If the pressure applied by your capo is insufficient to stably hold down your strings onto the fretboard, you will hear buzzing, poor intonation, and poor sound quality. Poor pressure application by your capo merely signifies that its tension mechanism, such as springs and knobs, or possibly the entire capo, must be replaced.
Another reason that your capo isn’t working as it should is that you are using the wrong capo for the type of guitar you have. There are two basic designs for capos: flat capos – applicable for flat necked guitars and rounded capos, which are perfect for curved neck guitars.

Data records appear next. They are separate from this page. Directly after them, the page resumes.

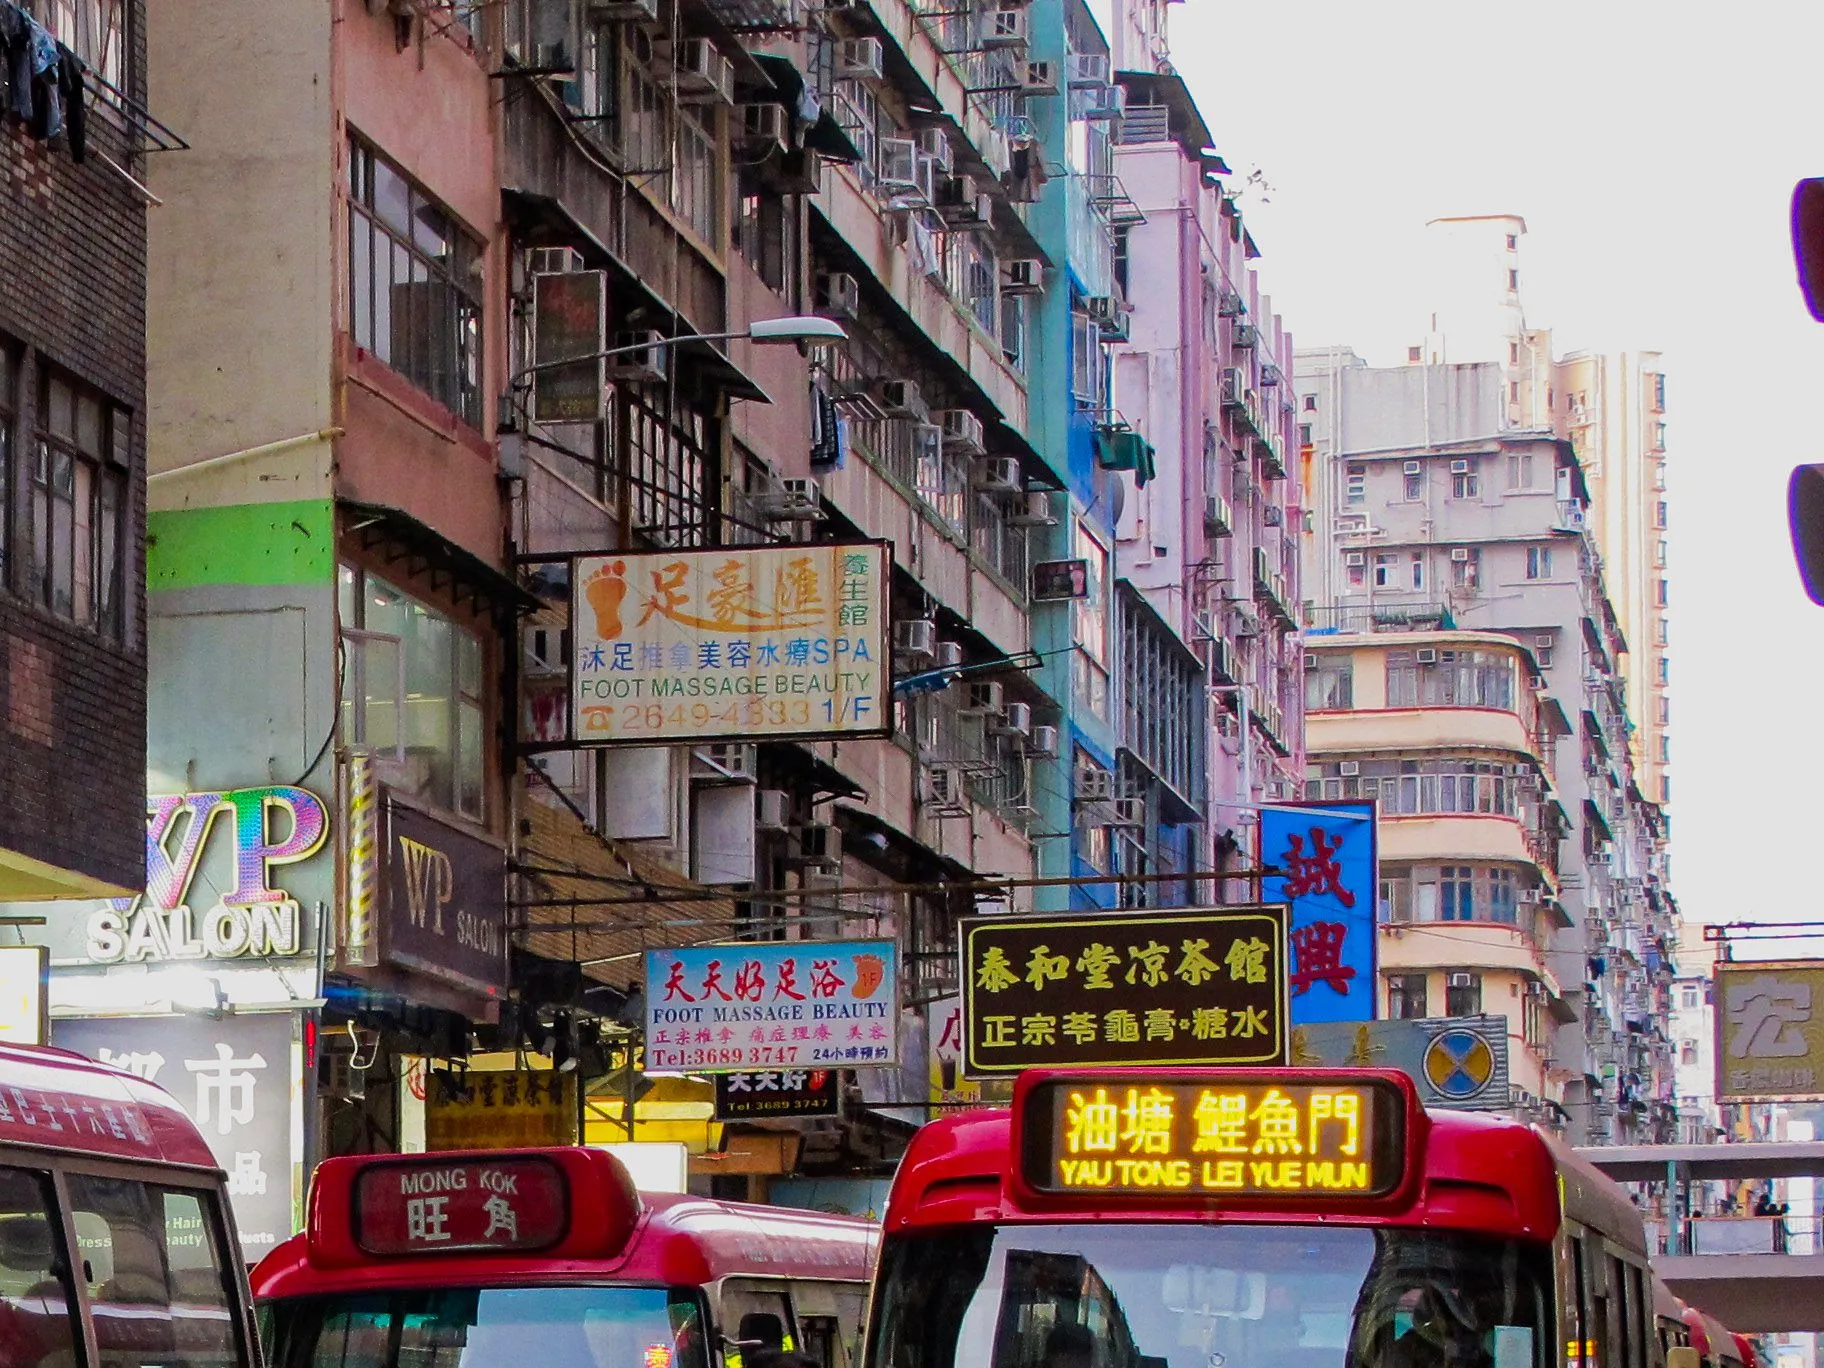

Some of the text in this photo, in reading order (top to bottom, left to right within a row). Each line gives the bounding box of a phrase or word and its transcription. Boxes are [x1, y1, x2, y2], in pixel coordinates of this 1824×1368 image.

[581, 671, 871, 699] FOOT MASSAGE BEAUTY
[821, 696, 873, 724] 1/F
[398, 834, 454, 937] WP
[87, 902, 300, 964] SALON
[456, 913, 499, 958] SALON
[662, 957, 846, 1002] 天天好足浴
[652, 1001, 889, 1024] FOOT MASSAGE BEAUTY
[846, 1022, 889, 1040] 美容
[749, 1046, 799, 1063] 3747
[1065, 1087, 1359, 1155] 油塘 鯉魚門
[400, 1168, 518, 1196] MONG KOK
[1058, 1159, 1368, 1188] YAU TONG LEI YUE MUN
[407, 1196, 519, 1242] 旺角

If you interchange capos with the opposite fretboard shape of your guitar, it will result in uneven application of pressure onto your strings, leading to poor sound production. For instance, If you place a flat capo onto a round-necked fretboard, then both E strings wouldn’t perform the same as the rest of the strings. This makes it essential to use the right capo on your guitar.
Worn Off Padding
Suppose your capo’s tension mechanism applies the ideal and sufficient amount of pressure on your strings, yet your capo still doesn’t perform as it should, in that case, the next area you should inspect is its padding.

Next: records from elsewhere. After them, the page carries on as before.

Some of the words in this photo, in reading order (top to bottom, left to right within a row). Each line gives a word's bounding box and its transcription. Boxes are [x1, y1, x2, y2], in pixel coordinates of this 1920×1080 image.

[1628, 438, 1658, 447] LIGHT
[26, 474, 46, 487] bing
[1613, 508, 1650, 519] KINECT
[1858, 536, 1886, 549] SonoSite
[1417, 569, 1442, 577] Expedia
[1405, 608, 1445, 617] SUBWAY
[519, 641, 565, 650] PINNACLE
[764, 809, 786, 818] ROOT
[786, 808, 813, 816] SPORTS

Capos come equipped with rubber or silicon paddings. These are the ones to physically have contact with your guitar’s neck, strings, and fretboard. Additionally, they are the ones who grip and keep your strings intact firmly on the fretboard.
The vibrations of tensioned strings are held in place by the bridge pin on one side and the tuning pegs, as well as the nut on the other, to produce the sound we hear from guitars. The padding on a capo, on the other hand, keeps this stress in place. These paddings are subject to wear and tear over time. Both the pressure of holding the strings down and the vibrations of the strings cause them to form large tracks and grooves. When this happens, it’s time to replace your capo or get new rubber or silicon sleeves.
If ever all factors above are not the issue, then the last thing you may check is if you applied your capo properly on your strings. It is crucial to place the capo properly to ensure that the sound you produce is spot on and that your strings stay in tune. Below is the proper procedure for placing your capo onto your guitar.
- Hold your guitar and capo in the correct position. Place the guitar onto your lap, then position it the same way you play it.
- Hold the capo in your fretting hand and clip or slip it onto the desired fret.
- Before tightening your capo, position it slightly behind the fret bar and tighten it. Don’t put it on top of the fret bar or elsewhere on the fretboard where there will be a space between your capo and the fret bar since this will cause your guitar to go sharp.
- Make sure your capo is securely fastened to the neck of your guitar and that it applies pressure to all of the strings.
- Test and enjoy playing.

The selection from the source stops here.